Bugün sevgililer günü ya da batıda bilindiği şekliyle Saint Valantine
(Aziz Valantine) günü .

Büyük kentlerin alışveriş bulvarlarında ya da MALL 'larında şöyle bir yürüdüğünüzde neler görürsünüz ?

Kırmızı devasa Kalpler ve ok ...Kırmızı gül ,çikolata ...şampanya..
restoranlarda tüm masalar iki kişilik Özel kalp şeklinde yiyecekler ... ...Hediyeler ..

Sevgilisi ve parası olanlar mutlu , sevgilisi ve parası olmayanlar çok bunalımlı..

Al işte bir özel gün daha ....

Çağdaş yaşamın, "modernite"nin yarattığı yarı ticari bir özel gün daha ...

İnsanlar bu günde sevgiyi,sevdiklerini, sevmeyi düşünsünler diye düşünülmüş bir gün mü acaba ?

Yoksa bir gün daha İsa ve Allah için dua etsinler diye mi ?

Aziz Valantine Günü diye anılmasına karşın Katolik Kilisesi ve Doğu Kilisesi arasında tarihler konusunda da bir anlaşmazlığa düşülmüş gibi görünüyor...

Özel gün olarak 14 Şubat 'ı kabul eden Vatikan'a karşın Fener 6 ya da 30 Temmuz un geçerli olduğunu savunuyor.

Vatikan 'la Fener arasındaki anlaşmazlıklar bu kadarla kalmıyor.

Aziz Valentine Bir papaz mı, bir grup Hıristiyan misyoneri mi yoksa bir aziz mi ?

İşte bu sorulara kesin cevap verilemiyor. Vatikan özel yortu günleri takviminde bu güne yer vermezken ,Doğu kilisesi 6 Temmuz 'da farklı 30 Temmuz 'da farklı kutlama yapıyor .

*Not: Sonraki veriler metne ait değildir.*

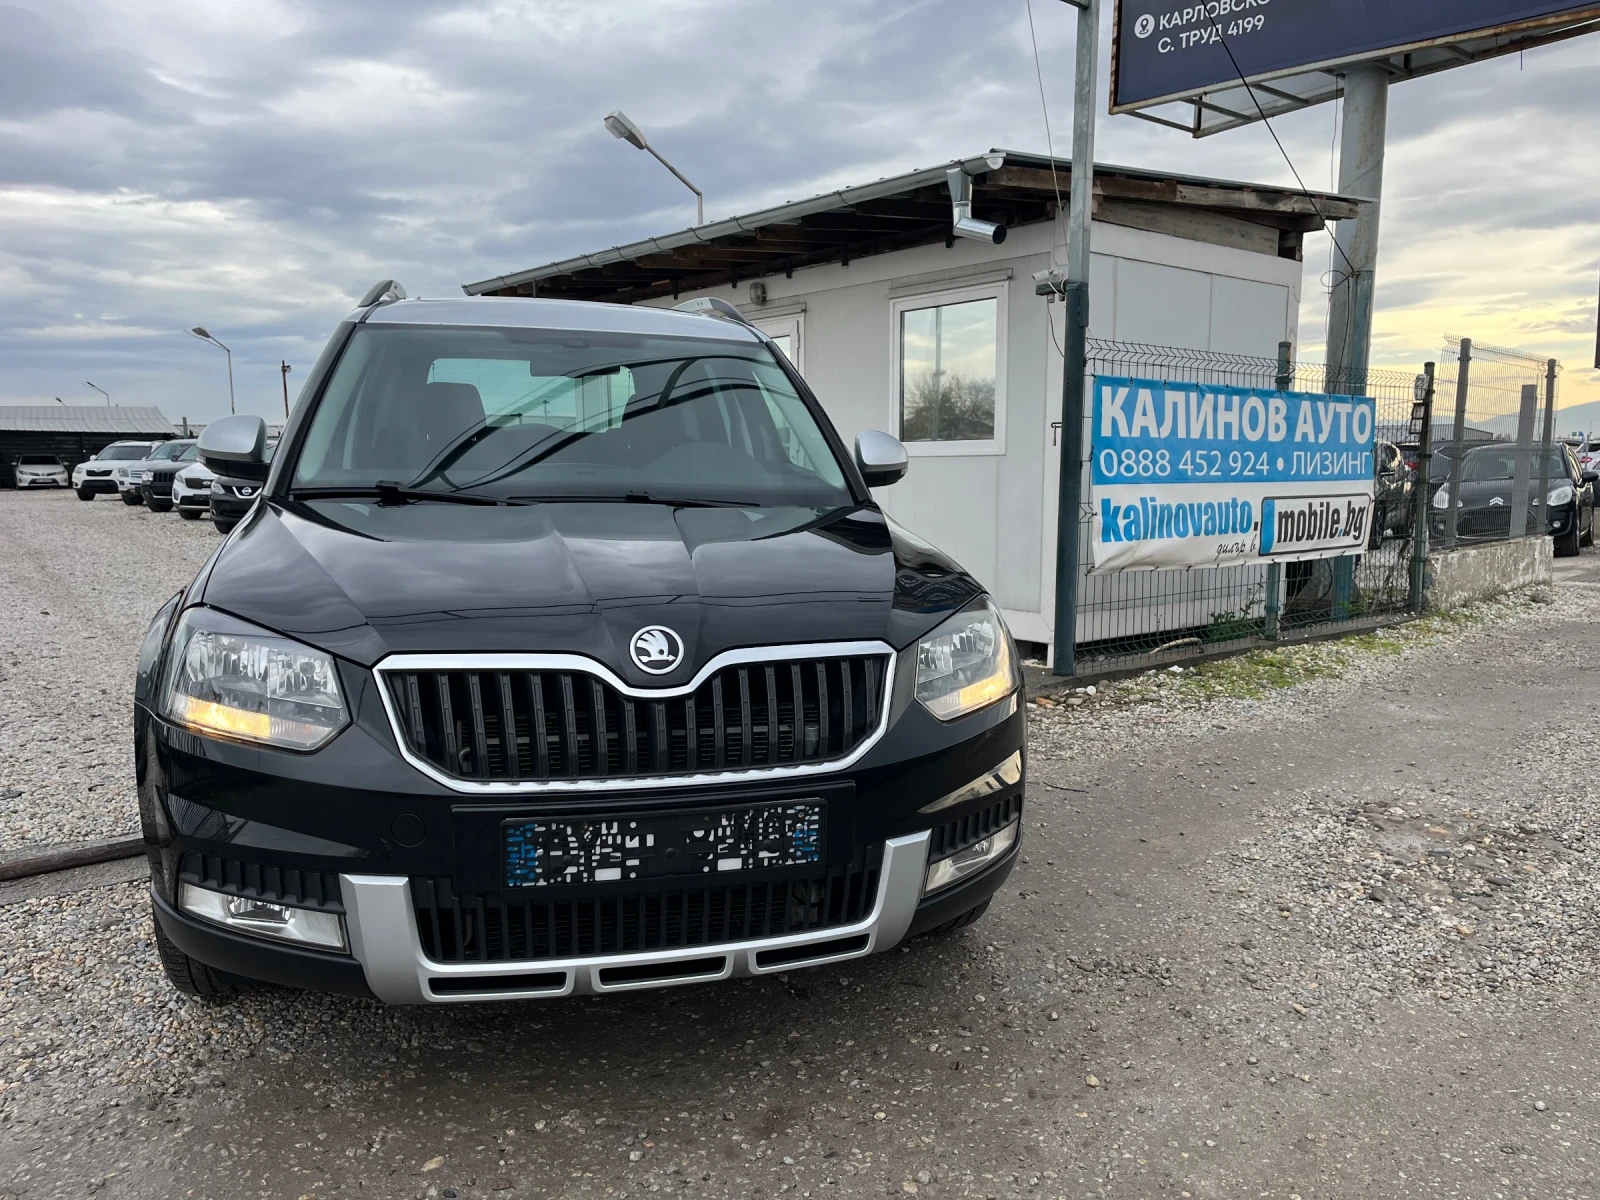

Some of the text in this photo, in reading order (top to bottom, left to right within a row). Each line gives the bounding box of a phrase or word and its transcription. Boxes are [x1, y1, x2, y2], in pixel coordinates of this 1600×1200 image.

Azizler ve özel günler söz konusu olduğunda "Resmi Din " yetkilileri karmaşayı düzenleme göreviyle hemen tedbir almak zorunluluğunu duyuyorlar.

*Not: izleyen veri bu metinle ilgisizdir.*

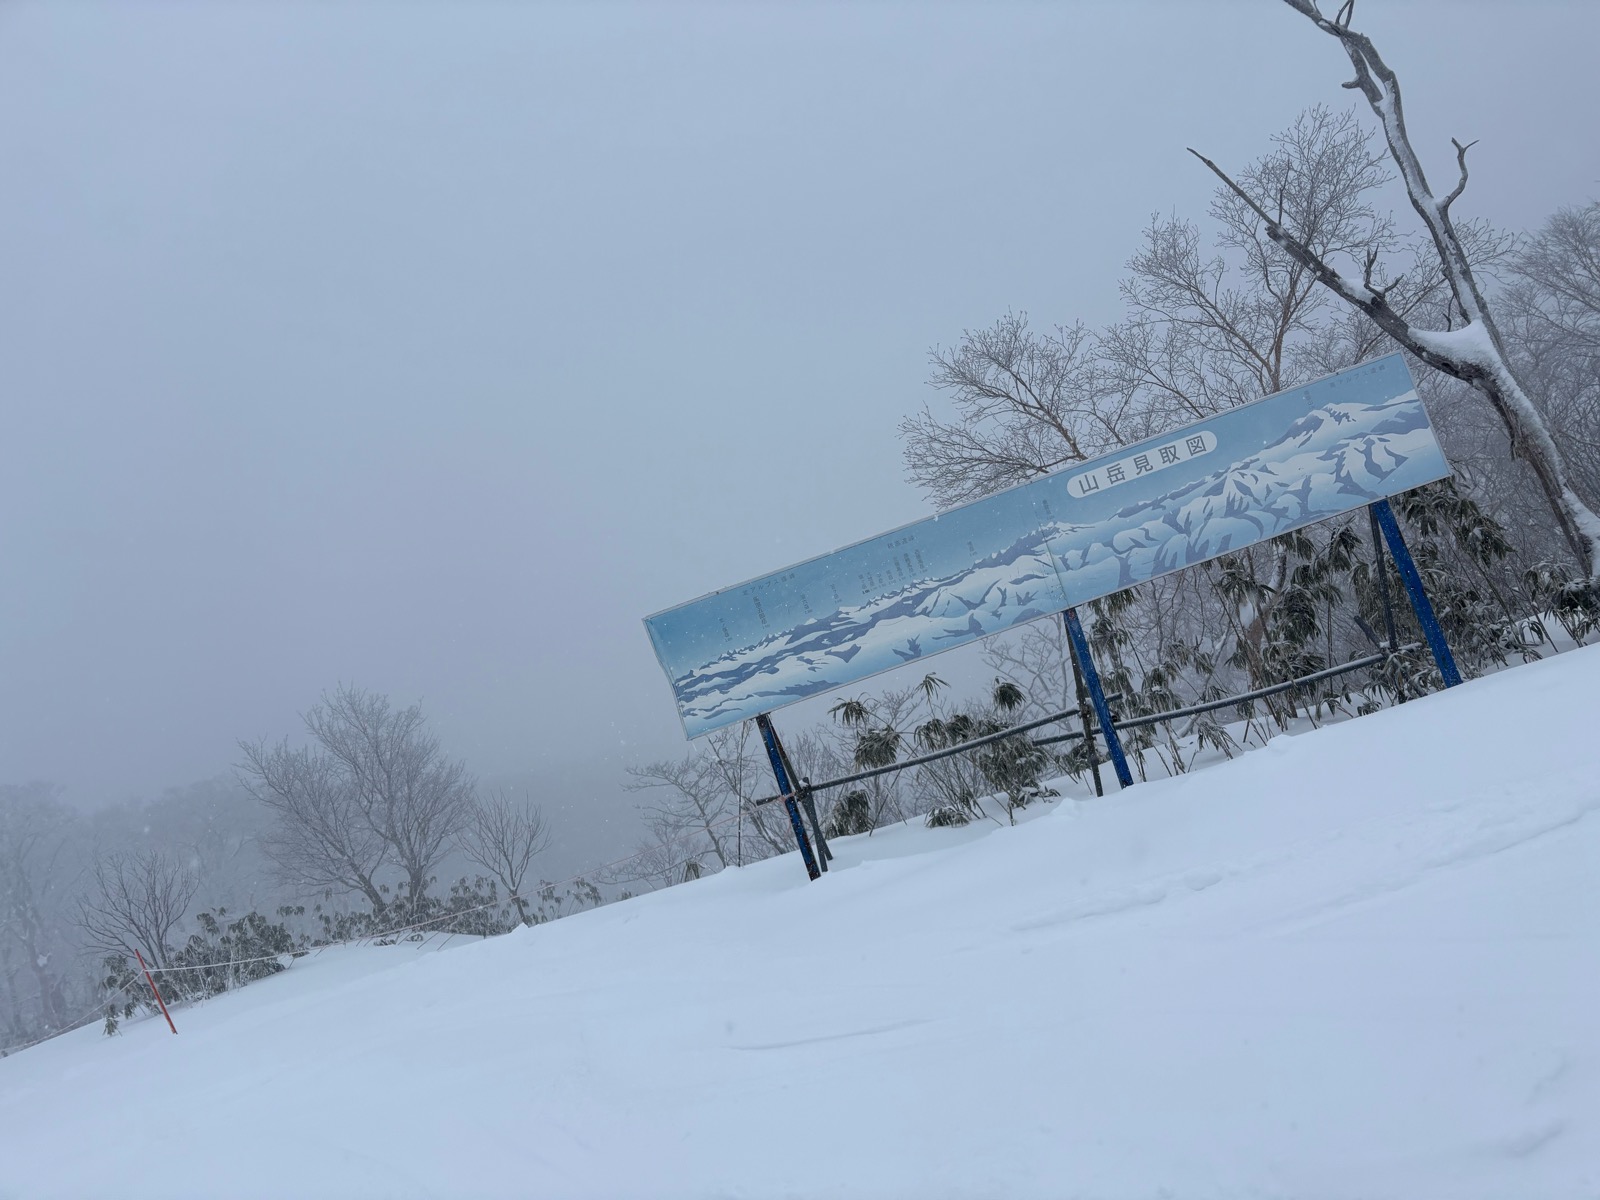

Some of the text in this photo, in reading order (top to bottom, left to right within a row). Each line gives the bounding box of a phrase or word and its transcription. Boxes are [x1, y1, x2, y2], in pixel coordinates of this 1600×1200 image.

Ritüeller ve zamanlamalar konusu hep ayrılıkları körüklüyor.Aynı din dalları arasında ayrılıklar zamanla büyüyor.

Müslümanlar arasında da böyle tarihi birbirine karışan özel günler vardır. Hangi mezhep olursa olsun bir zamanlama sorunu hep yaşanıyor. Bugün Diyanet işleri başkanlığının açıklamasında "Kutlu Doğum Haftası" olarak bilinen Hz. Muhammed 'in doğumuyla ilişkilendirilen günlerin tarihinin kesinleştiği bildiriliyor :Resmi gazetede yayınlanarak yürürlüğe giren Kutlu Doğum Haftası her yıl 14-20 Nisan’da kutlanacakmış.Bu kutlama ritüeli ve zamanlaması konusunda bir fikir birliği var mı ? Şia ya da İsmaili mezhepler böyle mi düşünüyor ?

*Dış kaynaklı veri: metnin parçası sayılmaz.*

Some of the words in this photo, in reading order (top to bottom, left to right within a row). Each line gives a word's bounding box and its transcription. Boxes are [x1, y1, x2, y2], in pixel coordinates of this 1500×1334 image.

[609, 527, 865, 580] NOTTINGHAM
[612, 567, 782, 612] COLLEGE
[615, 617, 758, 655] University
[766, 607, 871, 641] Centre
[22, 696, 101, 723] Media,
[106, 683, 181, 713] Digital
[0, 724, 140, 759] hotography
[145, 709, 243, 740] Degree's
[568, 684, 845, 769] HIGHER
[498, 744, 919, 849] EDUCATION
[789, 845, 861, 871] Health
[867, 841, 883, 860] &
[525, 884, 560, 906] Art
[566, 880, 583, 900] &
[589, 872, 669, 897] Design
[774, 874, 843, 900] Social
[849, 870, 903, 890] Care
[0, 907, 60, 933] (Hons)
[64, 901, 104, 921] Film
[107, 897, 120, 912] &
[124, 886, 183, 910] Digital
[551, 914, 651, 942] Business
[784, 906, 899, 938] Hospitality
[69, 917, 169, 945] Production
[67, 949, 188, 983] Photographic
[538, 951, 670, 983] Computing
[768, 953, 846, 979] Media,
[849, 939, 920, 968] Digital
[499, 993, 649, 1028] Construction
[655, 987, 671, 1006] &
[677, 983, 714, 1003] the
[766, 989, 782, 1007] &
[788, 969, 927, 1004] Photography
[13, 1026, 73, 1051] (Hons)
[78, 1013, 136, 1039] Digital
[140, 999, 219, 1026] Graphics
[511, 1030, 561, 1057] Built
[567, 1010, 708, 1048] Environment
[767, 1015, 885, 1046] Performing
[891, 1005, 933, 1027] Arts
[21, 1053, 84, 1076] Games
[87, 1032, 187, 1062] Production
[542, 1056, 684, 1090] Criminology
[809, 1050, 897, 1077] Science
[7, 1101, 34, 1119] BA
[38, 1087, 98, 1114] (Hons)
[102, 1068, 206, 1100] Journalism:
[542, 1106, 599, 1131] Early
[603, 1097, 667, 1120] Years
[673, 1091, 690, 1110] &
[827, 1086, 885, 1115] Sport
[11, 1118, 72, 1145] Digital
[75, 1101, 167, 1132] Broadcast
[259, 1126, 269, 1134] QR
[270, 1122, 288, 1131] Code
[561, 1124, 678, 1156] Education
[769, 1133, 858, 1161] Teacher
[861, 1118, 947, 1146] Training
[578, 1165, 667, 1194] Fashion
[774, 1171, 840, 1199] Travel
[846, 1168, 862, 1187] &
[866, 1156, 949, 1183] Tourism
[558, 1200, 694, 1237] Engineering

Diyanet işleri böylelikle Türkiye 'de bu haftanın bu tarihlerde kutlanacağını karara bağlıyor. .

Peki diğer Müslüman ülkelerde durum nasıl acaba ? Bilmiyoruz ... Bldiğimiz şey en azından "Eid El Fitr" (Ramazan Bayramı ) ve "Eid El Adak" (Kurban Bayramı ) tarihlerinin de fülkeden ülkeye hilâlin görünüşü nedeniyle farklılaştığı...

Hıristiyanlığın resmi Roma İmparatorluk dini olarak kabul edilişi MS: 373 yılında gerçekleşiyor. Beş büyük hiyerofani ya da kült arasından "Hıristiyanlığın" seçilişi de ayrı bir merak konusu.

Askerler arasında yaygın olam "Mithra" dini bir kalemde saf dışı oluveriyor. Mithra tapınakları halâ yerli yerinde duruyor.

Ege , Akdeniz ve Kuzey Afrika kıyılarındaki antik kentler beş büyük kültün tapınaklarıyla dolu.

Benim en dikkatimi çeken Dionysos kültü...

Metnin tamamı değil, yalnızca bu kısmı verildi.